Why a Narcissist Can Be Addicted to Sex With You--And Resent You For It

Sex, at it's core, isn't just physical--even for an emotionally unavailable man.

Why a Narcissist Can Be Addicted to Sex With You--And Resent You For It

Sex was a major tool that narcissists used to control me before I went celibate and broke my trauma bonding and self-harming habits.

As a person with Borderline Personality Disorder, being raised as the scapegoat child by one parent and invisible child by another made me DEEPLY crave human connection and love.

Even today, while I've healed the most toxic parts of my pathology, I still FEEL like a Borderline, and the deep well of love I have inside of me with not enough people to give it to who can safely hold it feels like my most aching life tragedy.

I hunger to find people who love how I love, but since I was raised to believe I was fundamentally worthless--and since my enmeshments with narcissists as friends and lovers reinforced this feeling--I thought perhaps sex was the lowest bar I could reach.

At least when I was touched, it could FEEL like love. Momentarily, I could imagine that I had some worth to someone.

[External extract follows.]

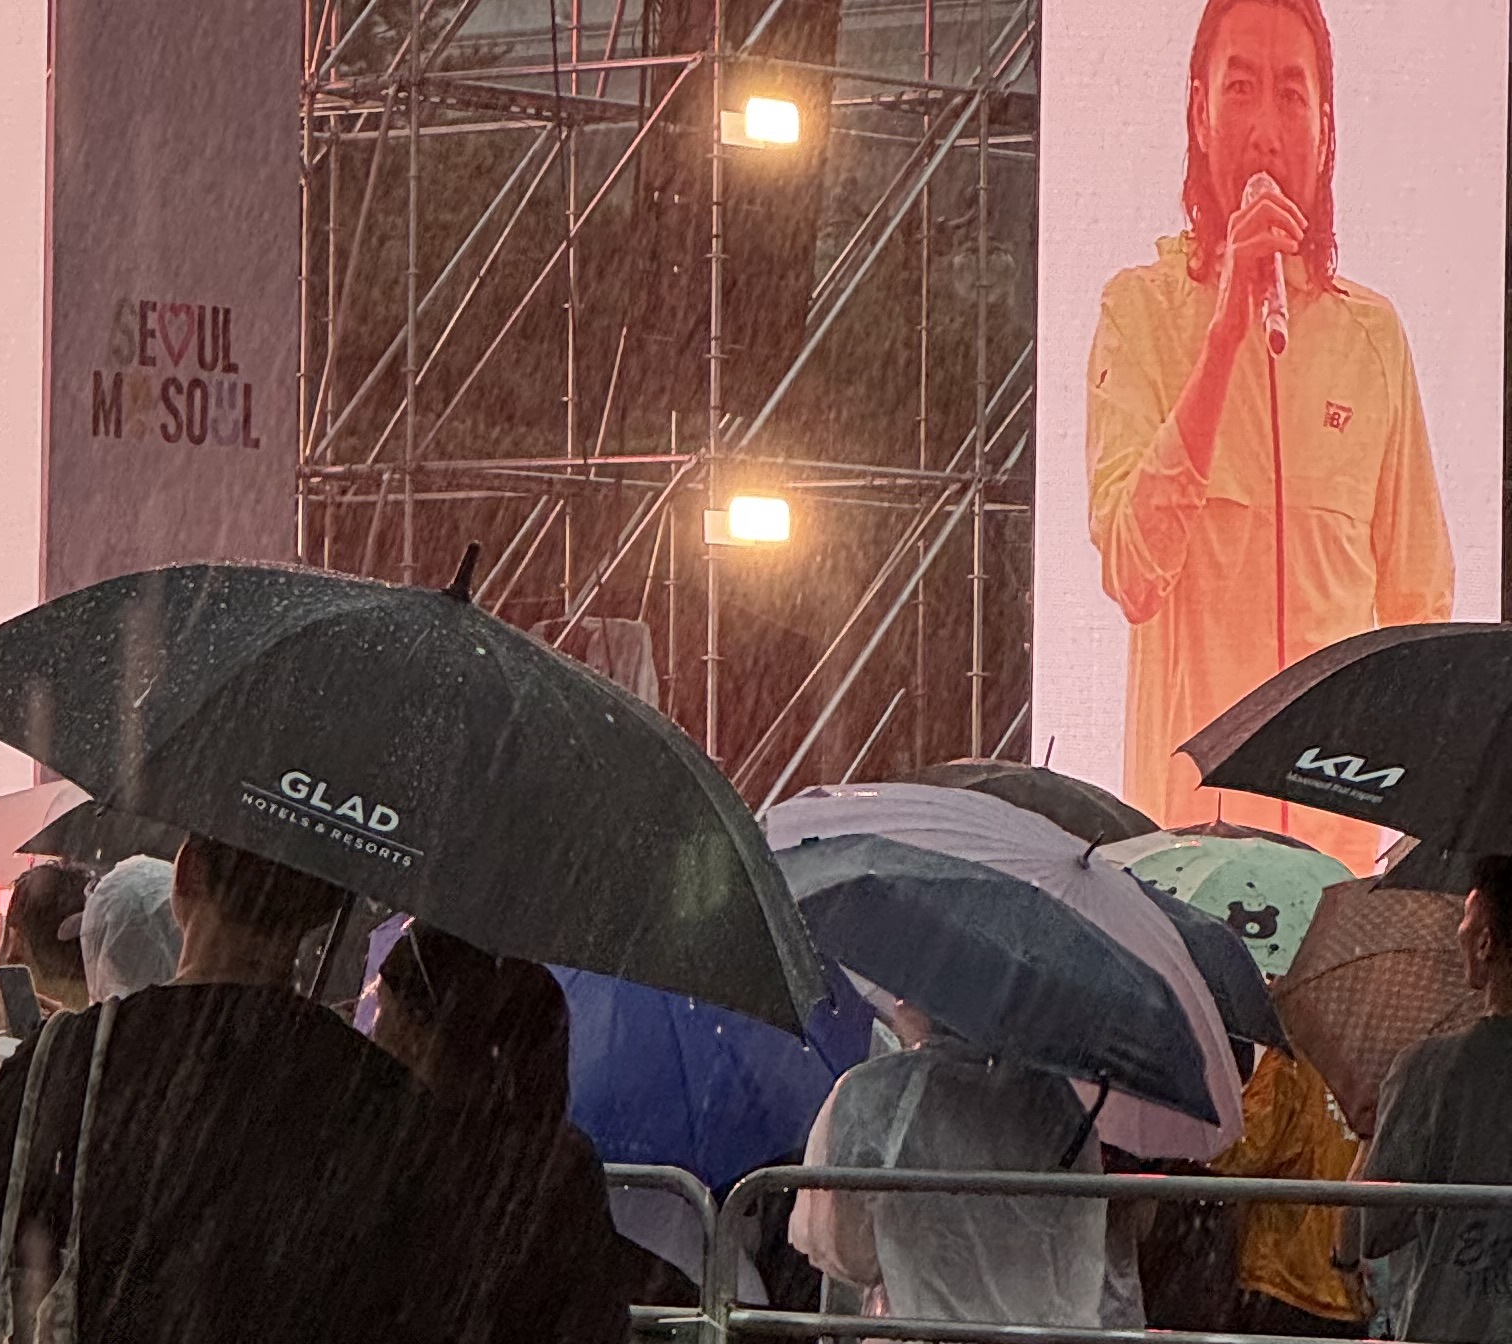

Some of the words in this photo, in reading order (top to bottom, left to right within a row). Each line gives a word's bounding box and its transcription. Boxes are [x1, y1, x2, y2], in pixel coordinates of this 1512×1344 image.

[241, 792, 310, 828] HOTELS
[314, 821, 326, 834] &
[329, 827, 413, 867] RESORTS
[279, 770, 400, 832] GLAD

But a disturbing and disorienting pattern emerged in my life as soon as I became sexually active.

The narcissist men I slept with not only had sex with me: they had sex with me OBSESSIVELY.

It was normal for men to keep me up nearly all night having sex over and over again. And I was all too eager to please.

Not only that, men transformed in bed with me.

The hardest, most arrogant, most cocky men became soft when they were naked with me.

They cuddled me; they told me their secret pains; they told me their dreams; sometimes, they clutched me while they slept with such a force that it seemed like they feared losing me more than anything else.

Silly me--I kept letting hope bloom in my chest like a weed: Is this love? Is this finally a flower and not a weed?

With one lover, we had a four and a half year relationship. In that time, there wasn't a single time in which we didn't have sex when we saw each other. We did it even when I was ill. We did it even when his father died. We did it even right after I aborted his baby. We usually did it several times a day.

What made this confusing: he cheated on me relentlessly.

But when discovered, he cried and begged me to stay.